Fact is stranger than fiction, goes the old maxim, and it's also funnier in Moonlight and Magnolias, the Prairie Theatre Exchange season-ender.
Irish-born pen-for-hire Ron Hutchinson has fashioned a realistic fantasy about the real-life rewriting of the screenplay for Gone With the Wind in 1939. All subtlety is also gone with a comic gust as the excellent local cast sends up Margaret Mitchell's story to hilarious effect, particularly in the sparkling first act. (It heads further south after intermission when it asks to be taken more seriously.)
As the lights come up, there's trouble in Tinseltown, where big-time producer David O. Selznick has suspended filming on his would-be blockbuster, canned director George Cukor, dragged Victor Fleming off the set of The Wizard of Oz to replace him and parachuted in hotshot rewriter Ben Hecht.
Selznick has all his money and reputation riding on this project, so he locks himself and his two new recruits in his office until they produce a new screenplay. All they have to eat are bananas and peanuts, which Selznick believes enhance brain power.
The mogul's office is strikingly conceived by designer Elli Bunton, who has set the upper level atop what looks like a reel of film.
Hutchinson's running gag is that Hecht is one of the few people who has not read the 1,037-page bestseller, so the other two have to play-act the melodrama of Scarlett and Rhett's tumultuous love affair.
Director Ann Hodges oversees a snappy homage to movie-making in film's golden age. It's a messy process, as evidenced by the piles of discarded scripts, crumpled paper, banana peels and peanut shells littering the stage after the five-day marathon.
There is even a little homemade filmmaking on display when the actors perform speeded-up scenes lit by a strobe light.
Whether silly as the superior Scarlett or outrageously demanding as the autocratic Selznick, Gordon Tanner gives one of his best performances as a desperate man who will not be denied the making a great movie. He is all over the stage, chasing and cajoling his charges, and is then equally persuasive when Selznick is catatonic and frozen stiff for five minutes.

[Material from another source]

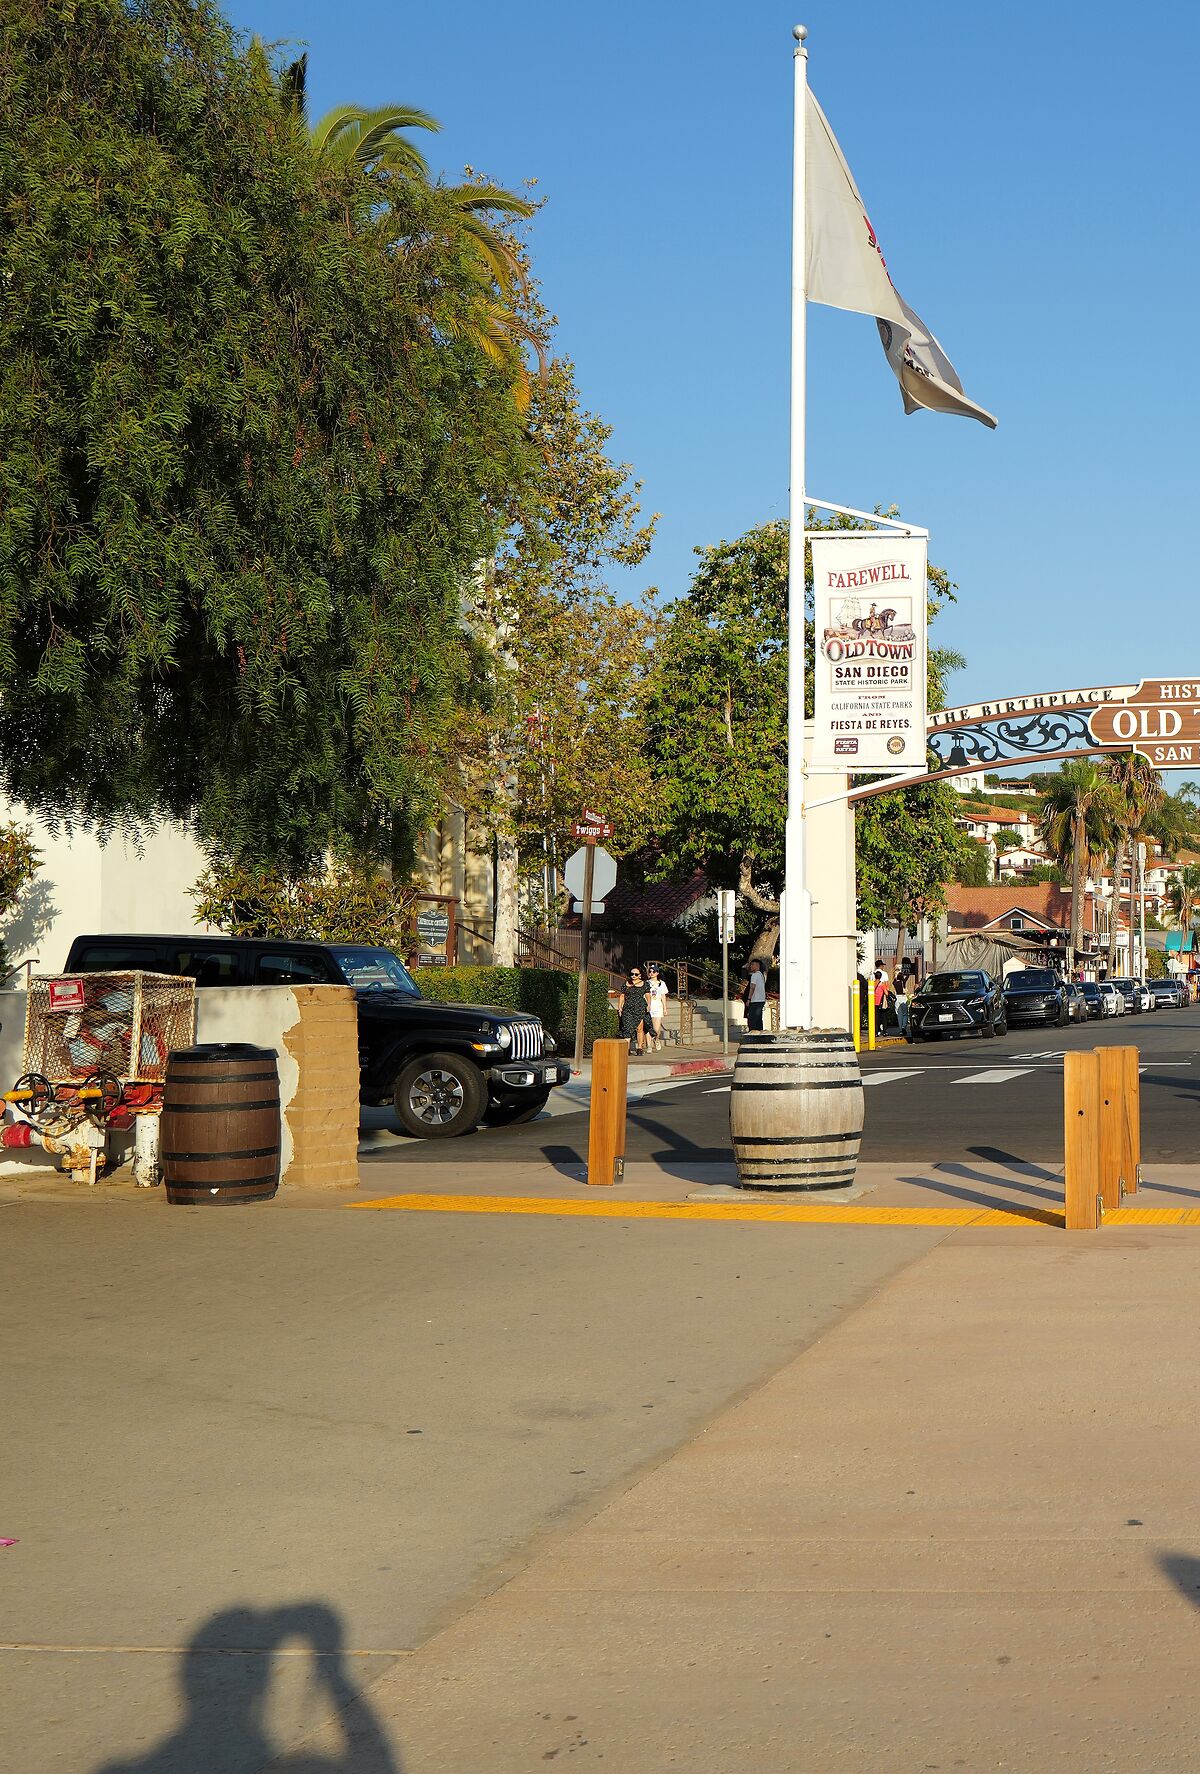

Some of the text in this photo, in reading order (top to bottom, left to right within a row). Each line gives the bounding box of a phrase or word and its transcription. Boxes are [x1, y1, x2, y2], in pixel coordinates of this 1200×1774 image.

James Durham portrays combative Fleming (he only hit Judy Garland once on the Oz set, he maintains) with the same comic conviction as he does the pregnant Melanie, the dashing Rhett or the young black maid Prissy in the impromptu re-enactments.
It is the dream merchant Hecht (Omar Khan) who balks at including the racism depicted in the American South without comment. "We have a responsibility to make American look its ugly mug in the mirror," he says.
Moonlight and Magnolias gets weighty one moment, when Hecht is chiding Selznick over anti-Semitism in Hollywood, and then goes all giddy the next, when he is a participant in a three-way, slap-happy scene that channels the Marx Brothers and the Three Stooges.
Khan, so impressive last season in Glengarry Glen Ross at the MTC Warehouse, is up to the task of being Hutchinson's conscience as the weary Hecht pounds away at the typewriter.
As the boss's humourless secretary, Miriam Smith manages to hold audience attention despite saying little other than, "Yes, Mr. Selznick," dozens of time.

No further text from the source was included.